How to run migrations on PostHog Cloud

This document outlines how to do large-scale data migrations on PostHog Cloud without using Async Migrations.

Background

Start of 2022 we wanted to change events table schema to better support our querying patterns.

Doing this migration on cloud took several months and several false starts.

Migration strategy

Read guide to event ingestion before this.

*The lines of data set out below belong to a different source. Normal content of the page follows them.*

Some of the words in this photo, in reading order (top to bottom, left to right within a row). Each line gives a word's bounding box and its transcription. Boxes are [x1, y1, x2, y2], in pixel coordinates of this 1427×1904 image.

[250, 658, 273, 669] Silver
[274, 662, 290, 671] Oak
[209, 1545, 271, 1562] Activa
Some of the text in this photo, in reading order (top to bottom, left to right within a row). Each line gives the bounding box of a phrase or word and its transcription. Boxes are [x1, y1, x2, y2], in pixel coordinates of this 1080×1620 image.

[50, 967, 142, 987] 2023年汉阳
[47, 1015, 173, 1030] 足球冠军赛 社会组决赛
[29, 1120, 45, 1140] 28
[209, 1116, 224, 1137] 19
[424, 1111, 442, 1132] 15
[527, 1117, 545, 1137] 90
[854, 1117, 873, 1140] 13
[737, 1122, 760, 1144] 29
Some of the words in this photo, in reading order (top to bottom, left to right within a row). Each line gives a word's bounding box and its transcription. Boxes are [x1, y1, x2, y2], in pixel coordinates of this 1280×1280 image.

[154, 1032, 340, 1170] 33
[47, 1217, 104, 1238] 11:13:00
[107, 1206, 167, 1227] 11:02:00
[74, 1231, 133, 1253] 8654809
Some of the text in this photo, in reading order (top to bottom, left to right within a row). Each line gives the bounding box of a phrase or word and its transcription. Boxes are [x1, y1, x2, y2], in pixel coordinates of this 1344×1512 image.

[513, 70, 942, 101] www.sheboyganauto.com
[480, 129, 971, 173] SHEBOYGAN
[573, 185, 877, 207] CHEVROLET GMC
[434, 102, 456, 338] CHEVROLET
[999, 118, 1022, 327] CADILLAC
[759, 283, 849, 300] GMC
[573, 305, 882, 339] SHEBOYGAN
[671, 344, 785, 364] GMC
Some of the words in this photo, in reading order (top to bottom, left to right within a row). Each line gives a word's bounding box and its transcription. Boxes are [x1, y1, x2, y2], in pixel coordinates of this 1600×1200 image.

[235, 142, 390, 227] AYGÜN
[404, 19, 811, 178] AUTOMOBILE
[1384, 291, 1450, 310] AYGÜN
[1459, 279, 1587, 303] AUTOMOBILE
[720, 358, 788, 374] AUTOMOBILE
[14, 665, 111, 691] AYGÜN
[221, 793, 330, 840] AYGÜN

Desired goals on the migration:

It should be correct - no duplicated or missing data
It should be timely - can be completed within a reasonable amount of time
It should cause minimal ingestion delay
It should keep materialized columns

The rough migration strategy looks like this:

1. Create a new staging table _without_ materialized columns on 1 node on each of the shards.

SQL

CREATE TABLE posthog.sharded_events_ordered_by_event(
    `uuid` UUID,
    `event` String,
    `properties` String,
    `timestamp` DateTime64(6, 'UTC'),
    `team_id` Int64,
    `distinct_id` String,
    `elements_hash` String,
    `created_at` DateTime64(6, 'UTC'),
    `_timestamp` DateTime,
    `_offset` UInt64,
    `elements_chain` String,
    `$group_0` String MATERIALIZED replaceRegexpAll(JSONExtractRaw(properties, '$group_0'), concat('^[', regexpQuoteMeta('"'), ']*|[', regexpQuoteMeta('"'), ']*$'), ''),
    `$group_1` String MATERIALIZED replaceRegexpAll(JSONExtractRaw(properties, '$group_1'), concat('^[', regexpQuoteMeta('"'), ']*|[', regexpQuoteMeta('"'), ']*$'), ''),
    `$group_2` String MATERIALIZED replaceRegexpAll(JSONExtractRaw(properties, '$group_2'), concat('^[', regexpQuoteMeta('"'), ']*|[', regexpQuoteMeta('"'), ']*$'), ''),
    `$group_3` String MATERIALIZED replaceRegexpAll(JSONExtractRaw(properties, '$group_3'), concat('^[', regexpQuoteMeta('"'), ']*|[', regexpQuoteMeta('"'), ']*$'), ''),
    `$group_4` String MATERIALIZED replaceRegexpAll(JSONExtractRaw(properties, '$group_4'), concat('^[', regexpQuoteMeta('"'), ']*|[', regexpQuoteMeta('"'), ']*$'), ''),
    `$window_id` String MATERIALIZED replaceRegexpAll(JSONExtractRaw(properties, '$window_id'), concat('^[', regexpQuoteMeta('"'), ']*|[', regexpQuoteMeta('"'), ']*$'), ''),
    `$session_id` String MATERIALIZED replaceRegexpAll(JSONExtractRaw(properties, '$session_id'), concat('^[', regexpQuoteMeta('"'), ']*|[', regexpQuoteMeta('"'), ']*$'), '')
)
ENGINE = ReplicatedReplacingMergeTree(
    '/clickhouse/prod/tables/{shard}/posthog.sharded_events_ordered_by_event3',
    '{replica}',
    _timestamp
) PARTITION BY toYYYYMM(timestamp)
ORDER BY (team_id, toDate(timestamp), event, cityHash64(distinct_id), cityHash64(uuid))
SAMPLE BY cityHash64(distinct_id)
SETTINGS storage_policy = 'hot_to_cold'

Note that zookeeper path needs to be unique for this to work.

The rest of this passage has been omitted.